I. L’appréciation du harcèlement moral et du régime probatoire

A. Le cadre légal et la méthode probatoire consacrés

La cour rappelle d’abord le socle normatif. Elle énonce que « Aux termes de l’article L. 1152-1 du code du travail, aucun salarié ne doit subir les agissements répétés de harcèlement moral qui ont pour objet ou pour effet une dégradation de ses conditions de travail susceptible de porter atteinte à ses droits et à sa dignité, d’altérer sa santé physique ou mentale ou de compromettre son avenir professionnel. » Elle précise le rôle du juge, qui « forme sa conviction après avoir ordonné, en cas de besoin, toutes les mesures d’instruction qu’il estime utiles. »
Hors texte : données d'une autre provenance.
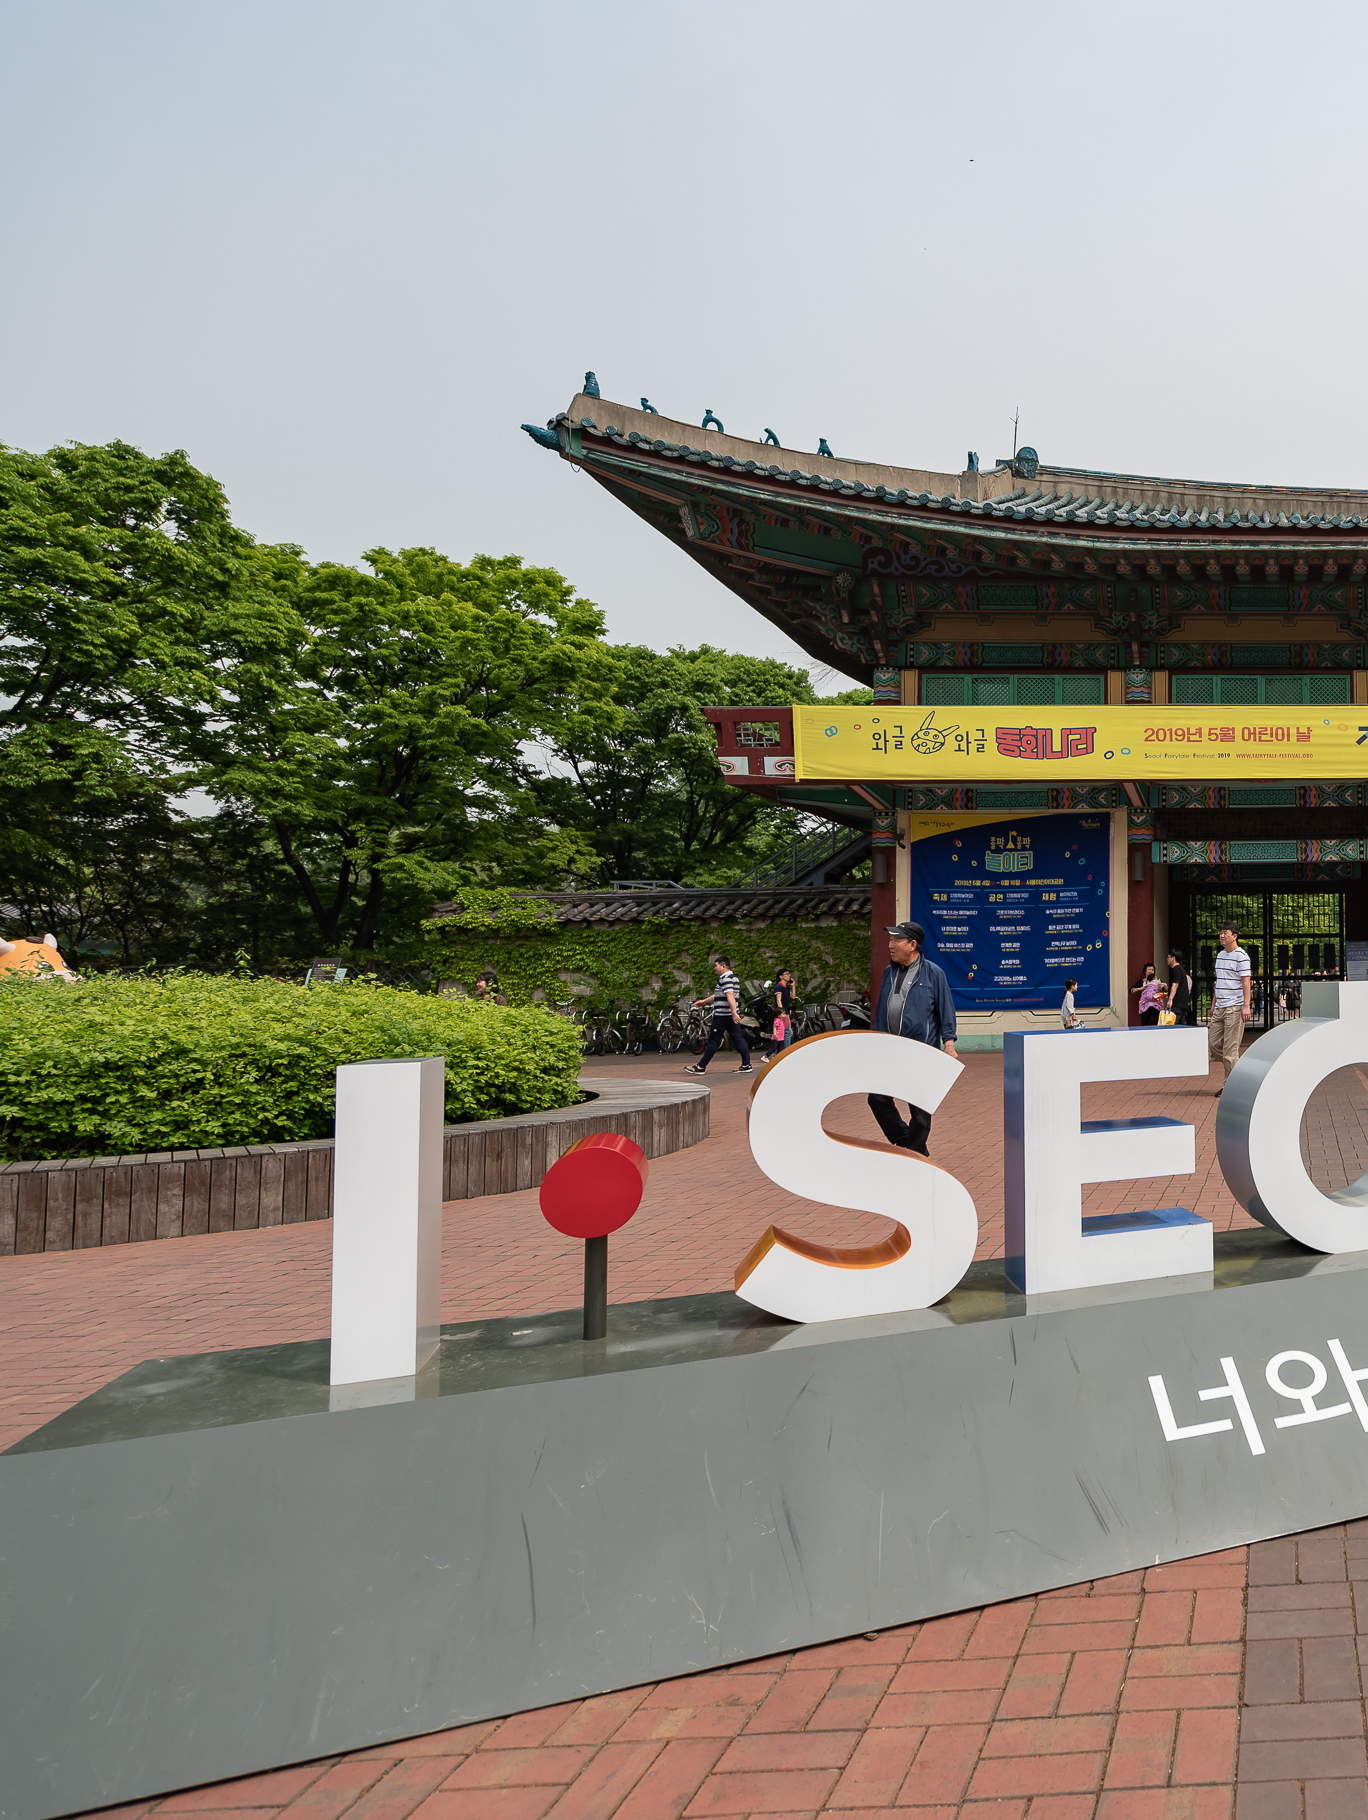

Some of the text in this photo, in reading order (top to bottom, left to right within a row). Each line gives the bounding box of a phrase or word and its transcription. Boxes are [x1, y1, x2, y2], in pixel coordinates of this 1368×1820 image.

[871, 725, 988, 756] 와글 와글
[995, 725, 1097, 760] 동화나라
[1143, 726, 1313, 743] 2019년 5월 어린이 날
[1164, 752, 1190, 760] Fairytale
[985, 850, 1034, 872] 놀이터
L’arrêt décrit ensuite la grille d’examen par faisceau d’indices: « Il résulte de ces dispositions que, pour se prononcer sur l’existence d’un harcèlement moral, il appartient au juge d’examiner l’ensemble des éléments invoqués par le salarié, en prenant en compte les documents médicaux éventuellement produits, et d’apprécier si les faits matériellement établis, pris dans leur ensemble, permettent de laisser supposer l’existence d’un harcèlement moral au sens de l’article L.1152-1 du code du travail. » La charge de la preuve s’en trouve déplacée: « Dans l’affirmative, il appartient au juge d’apprécier si l’employeur prouve que les agissements invoqués ne sont pas constitutifs d’un tel harcèlement et que ses décisions sont justifiées par des éléments objectifs étrangers à tout harcèlement. » La sanction de principe est rappelée avec netteté: « Enfin, selon l’article L.1152-3 du code du travail, toute rupture du contrat de travail intervenue en méconnaissance des dispositions des articles L. 1152-1 et L. 1152-2, toute disposition ou tout acte contraire est nul. »

Appliquant ce cadre, la cour retient une appréciation globale, sensible aux évolutions d’organisation liées à la crise, sans se départir d’un contrôle concret et serré.
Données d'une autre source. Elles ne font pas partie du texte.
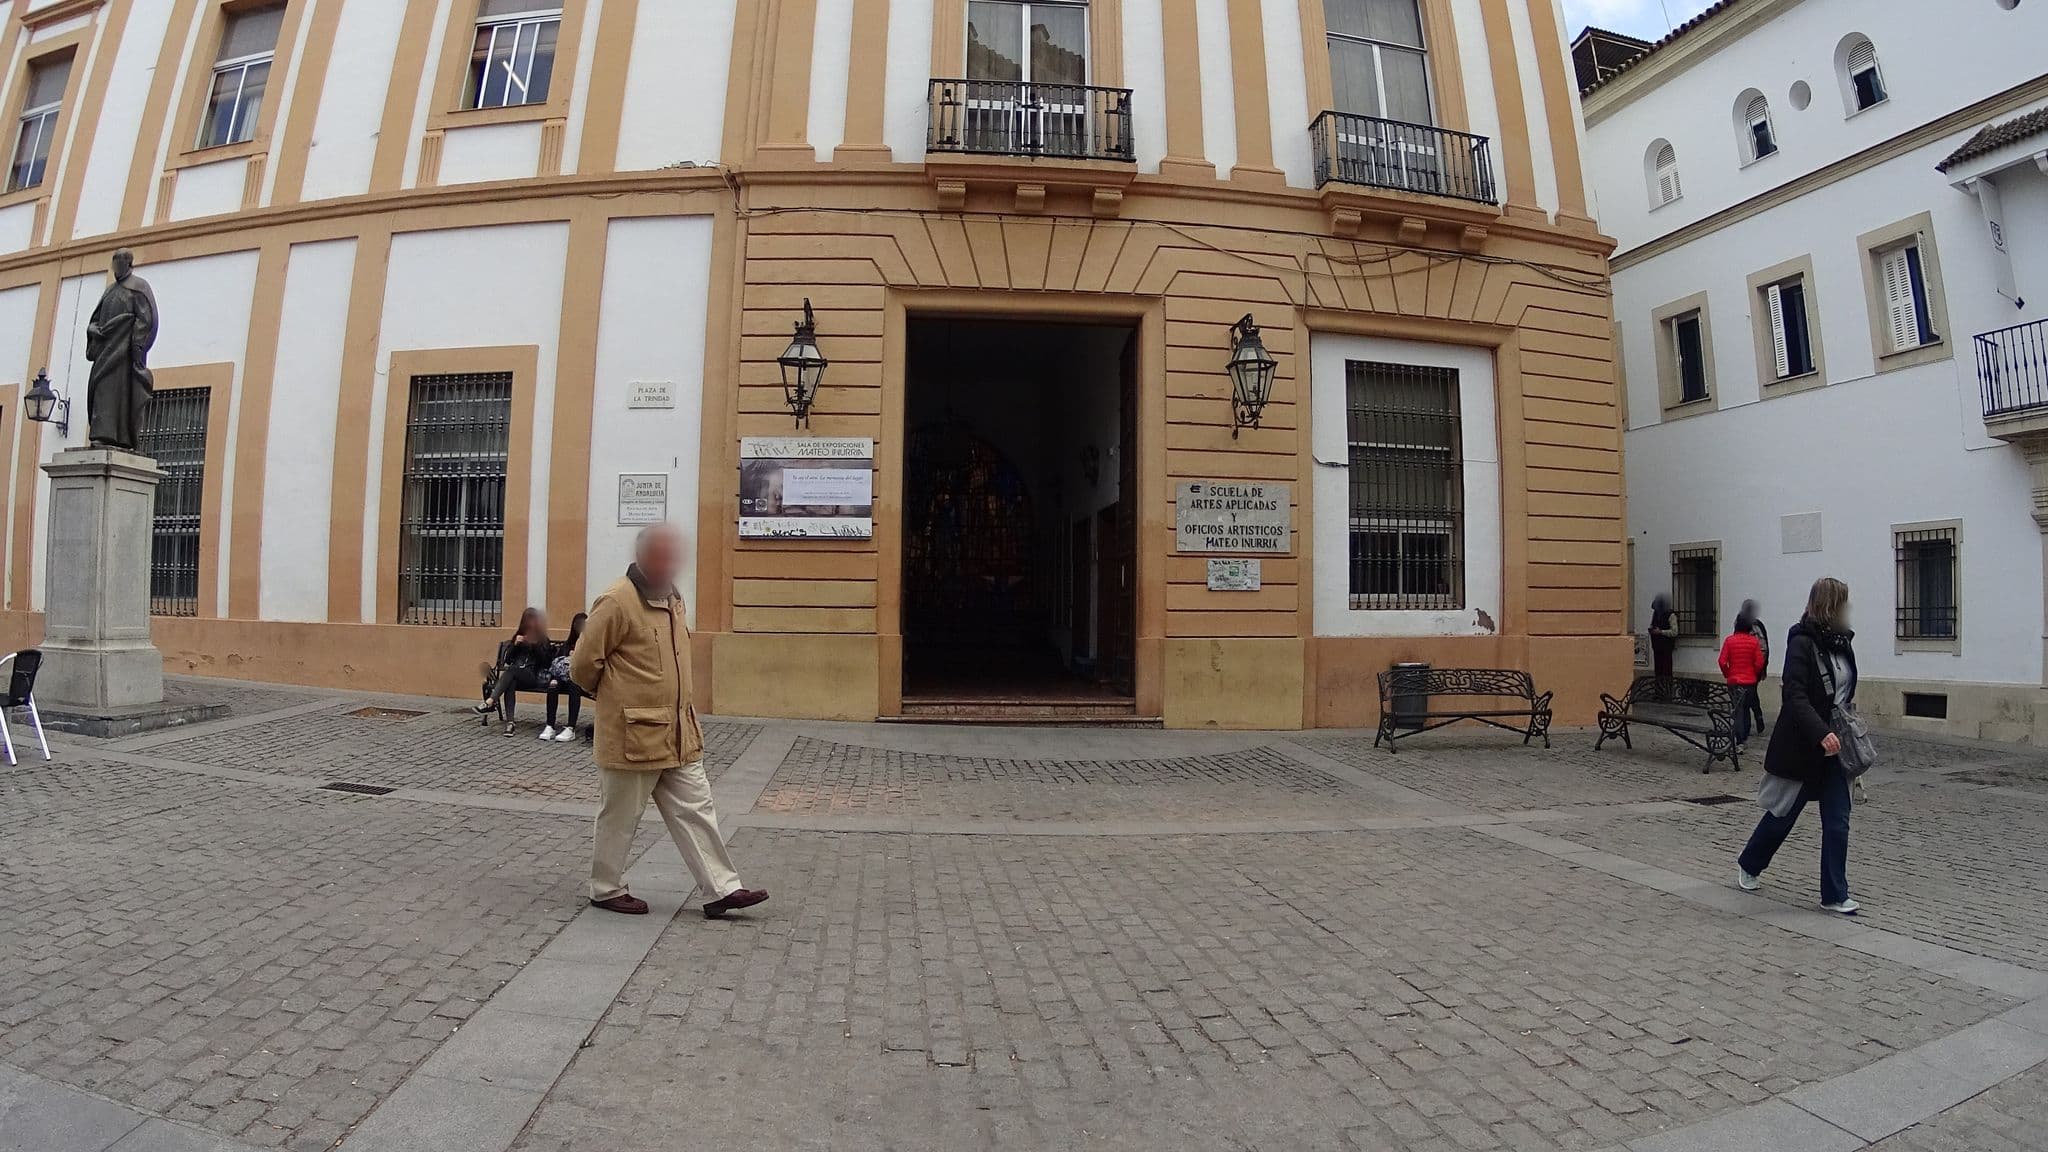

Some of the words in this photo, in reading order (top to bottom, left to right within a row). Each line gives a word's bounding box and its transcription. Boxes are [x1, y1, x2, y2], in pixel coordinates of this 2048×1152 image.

[797, 448, 830, 456] MATEO
[832, 448, 865, 456] INURRIA
[1251, 487, 1264, 498] DE
[1190, 499, 1223, 510] ARTES
[1225, 500, 1277, 511] APLICADAS
[1231, 513, 1237, 522] Y
[1185, 524, 1224, 535] OFICIOS
[1227, 525, 1283, 536] ARTISTICOS
[1205, 537, 1239, 549] MATEO
[1241, 538, 1279, 549] INURRIA
B. Les indices convergents d’une mise à l’écart stigmatisante

Sur la période initiale, la cour relève un reproche public inutilement humiliant et l’éviction d’une part des missions habituelles. Elle juge que « La mise à l’écart de la salariée d’une partie de ses fonctions de mars à juin 2020 est établie ainsi que l’humiliation subie lors de l’envoi du courriel du 18 mars 2020 à l’ensemble des membres du comité de direction. » Le contrôle demeure nuancé: les nécessités de la crise et le pouvoir d’organisation sont reconnus, mais ne justifient pas une stigmatisation publique ni une exclusion durable des réunions relevant de la fiche de poste.

Pour la période suivante, l’arrêt constate l’amplification du processus d’éviction. Il retient qu’ »Il s’ensuit que la salariée établit également avoir été mise totalement à l’écart des activités prévues sur sa fiche de poste relatives aux bureaux et aux conseils d’administration, ce qui représente un tiers de son activité. » L’activité partielle individualisée est ici un indice déterminant, dès lors qu’elle isole la salariée au sein de l’équipe de direction: « Ainsi, la salariée établit qu’elle avait, pendant la période de chômage partiel, le taux d’activité le plus faible de l’ensemble des membres du comité de direction. »

Le raisonnement se clôt par l’appréciation cumulative des faits et le défaut de preuve contraire. La cour énonce que « Ces faits laissent supposer un harcèlement moral ayant eu pour objet ou pour effet une dégradation des conditions de travail de la salariée susceptibles de porter atteinte à sa santé physique ou mentale ou de compromettre son avenir professionnel. » Or « L’employeur, qui conteste tout harcèlement moral, ne produit aucune pièce relative à la relation de travail avec la salariée de janvier à decambre 2020 hormis les comptes rendus des réunions relatives au licenciement collectif pour motif économique. » La contextualisation est assumée mais non exonératoire: « En définitive, c’est à juste titre que le juge départiteur a relevé que la crise sanitaire a engendré ‘un grand bouleversement dans les habitudes de travail et ayant contraint les entreprises à revoir leurs modes d’organisation habituelle’ et que cette période de crise sanitaire s’est conjuguée avec des difficultés économiques ayant abouti à un plan de sauvegarde de l’emploi. » La cour en déduit, sans hésitation, un management inadapté et fautif.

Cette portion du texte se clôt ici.